• _DIRECTIONS_: Reproduce word for word the line that contains "this 1024×1024 image." and each line that follows it, stopping after the final line of the material.

• _GIVEN ENTRIES_:
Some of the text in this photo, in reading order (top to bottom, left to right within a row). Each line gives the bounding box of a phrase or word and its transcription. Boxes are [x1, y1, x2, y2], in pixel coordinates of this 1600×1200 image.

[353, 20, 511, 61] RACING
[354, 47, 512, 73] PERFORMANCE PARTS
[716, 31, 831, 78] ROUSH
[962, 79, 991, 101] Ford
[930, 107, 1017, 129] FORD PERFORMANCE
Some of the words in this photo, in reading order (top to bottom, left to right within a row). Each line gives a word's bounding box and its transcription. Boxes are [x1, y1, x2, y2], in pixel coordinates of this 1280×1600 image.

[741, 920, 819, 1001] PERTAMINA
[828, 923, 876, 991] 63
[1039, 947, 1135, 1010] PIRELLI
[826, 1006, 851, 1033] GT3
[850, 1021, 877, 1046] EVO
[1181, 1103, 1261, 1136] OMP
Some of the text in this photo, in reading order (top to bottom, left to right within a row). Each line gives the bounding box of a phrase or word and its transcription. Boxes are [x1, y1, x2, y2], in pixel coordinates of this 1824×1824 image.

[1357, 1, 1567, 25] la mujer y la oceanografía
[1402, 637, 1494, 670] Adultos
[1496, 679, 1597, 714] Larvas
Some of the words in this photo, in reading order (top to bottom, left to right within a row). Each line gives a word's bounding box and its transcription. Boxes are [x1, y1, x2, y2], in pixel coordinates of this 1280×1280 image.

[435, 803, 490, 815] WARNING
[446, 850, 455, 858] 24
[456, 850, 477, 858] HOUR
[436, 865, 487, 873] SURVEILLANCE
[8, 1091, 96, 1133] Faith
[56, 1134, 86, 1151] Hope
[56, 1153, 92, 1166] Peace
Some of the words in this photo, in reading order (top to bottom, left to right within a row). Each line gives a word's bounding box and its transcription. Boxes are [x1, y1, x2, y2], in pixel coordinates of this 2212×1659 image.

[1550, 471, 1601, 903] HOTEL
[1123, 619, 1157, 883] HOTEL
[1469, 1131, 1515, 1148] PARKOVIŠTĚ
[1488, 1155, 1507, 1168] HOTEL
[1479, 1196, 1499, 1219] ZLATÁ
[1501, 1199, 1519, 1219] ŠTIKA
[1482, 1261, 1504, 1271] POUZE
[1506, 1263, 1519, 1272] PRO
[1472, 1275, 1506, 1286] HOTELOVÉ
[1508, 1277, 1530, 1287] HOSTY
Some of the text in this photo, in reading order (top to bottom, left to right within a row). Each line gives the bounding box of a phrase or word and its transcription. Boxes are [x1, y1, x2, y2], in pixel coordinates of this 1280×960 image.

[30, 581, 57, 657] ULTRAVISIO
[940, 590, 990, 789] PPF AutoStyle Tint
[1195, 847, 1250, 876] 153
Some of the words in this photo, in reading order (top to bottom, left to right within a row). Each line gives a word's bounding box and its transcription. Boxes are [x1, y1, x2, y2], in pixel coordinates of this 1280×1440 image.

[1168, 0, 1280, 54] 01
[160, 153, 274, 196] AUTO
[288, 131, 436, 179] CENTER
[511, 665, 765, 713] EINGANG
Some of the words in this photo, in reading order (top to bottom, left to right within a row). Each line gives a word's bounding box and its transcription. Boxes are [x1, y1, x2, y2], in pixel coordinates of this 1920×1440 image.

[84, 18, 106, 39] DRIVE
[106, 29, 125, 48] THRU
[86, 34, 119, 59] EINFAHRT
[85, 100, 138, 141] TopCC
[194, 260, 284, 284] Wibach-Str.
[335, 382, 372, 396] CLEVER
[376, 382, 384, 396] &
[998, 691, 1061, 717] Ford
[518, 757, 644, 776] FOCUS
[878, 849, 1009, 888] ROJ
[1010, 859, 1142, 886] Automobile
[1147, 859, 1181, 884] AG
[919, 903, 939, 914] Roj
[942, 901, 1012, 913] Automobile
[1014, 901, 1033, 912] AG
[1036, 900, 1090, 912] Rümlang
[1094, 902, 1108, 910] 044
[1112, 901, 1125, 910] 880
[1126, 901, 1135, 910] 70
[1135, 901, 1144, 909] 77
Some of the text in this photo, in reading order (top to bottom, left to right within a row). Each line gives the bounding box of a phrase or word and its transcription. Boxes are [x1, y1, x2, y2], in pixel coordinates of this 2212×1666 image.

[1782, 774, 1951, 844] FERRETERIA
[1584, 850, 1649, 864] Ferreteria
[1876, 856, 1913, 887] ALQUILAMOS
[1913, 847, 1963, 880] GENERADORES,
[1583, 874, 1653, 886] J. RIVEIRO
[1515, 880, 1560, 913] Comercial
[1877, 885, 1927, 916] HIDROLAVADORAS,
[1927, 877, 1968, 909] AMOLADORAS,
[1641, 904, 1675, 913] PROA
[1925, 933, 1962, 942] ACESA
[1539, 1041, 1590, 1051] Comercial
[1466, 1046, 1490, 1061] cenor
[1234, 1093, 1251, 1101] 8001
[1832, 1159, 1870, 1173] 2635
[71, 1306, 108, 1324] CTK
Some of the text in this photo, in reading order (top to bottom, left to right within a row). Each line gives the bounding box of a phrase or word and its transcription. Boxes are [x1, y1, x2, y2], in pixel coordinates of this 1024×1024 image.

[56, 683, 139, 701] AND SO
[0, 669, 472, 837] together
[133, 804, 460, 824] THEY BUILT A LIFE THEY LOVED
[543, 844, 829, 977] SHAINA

• _SOLUTION TO THE EXERCISE_:
Some of the text in this photo, in reading order (top to bottom, left to right within a row). Each line gives the bounding box of a phrase or word and its transcription. Boxes are [x1, y1, x2, y2], in pixel coordinates of this 1024×1024 image.

[56, 683, 139, 701] AND SO
[0, 669, 472, 837] together
[133, 804, 460, 824] THEY BUILT A LIFE THEY LOVED
[543, 844, 829, 977] SHAINA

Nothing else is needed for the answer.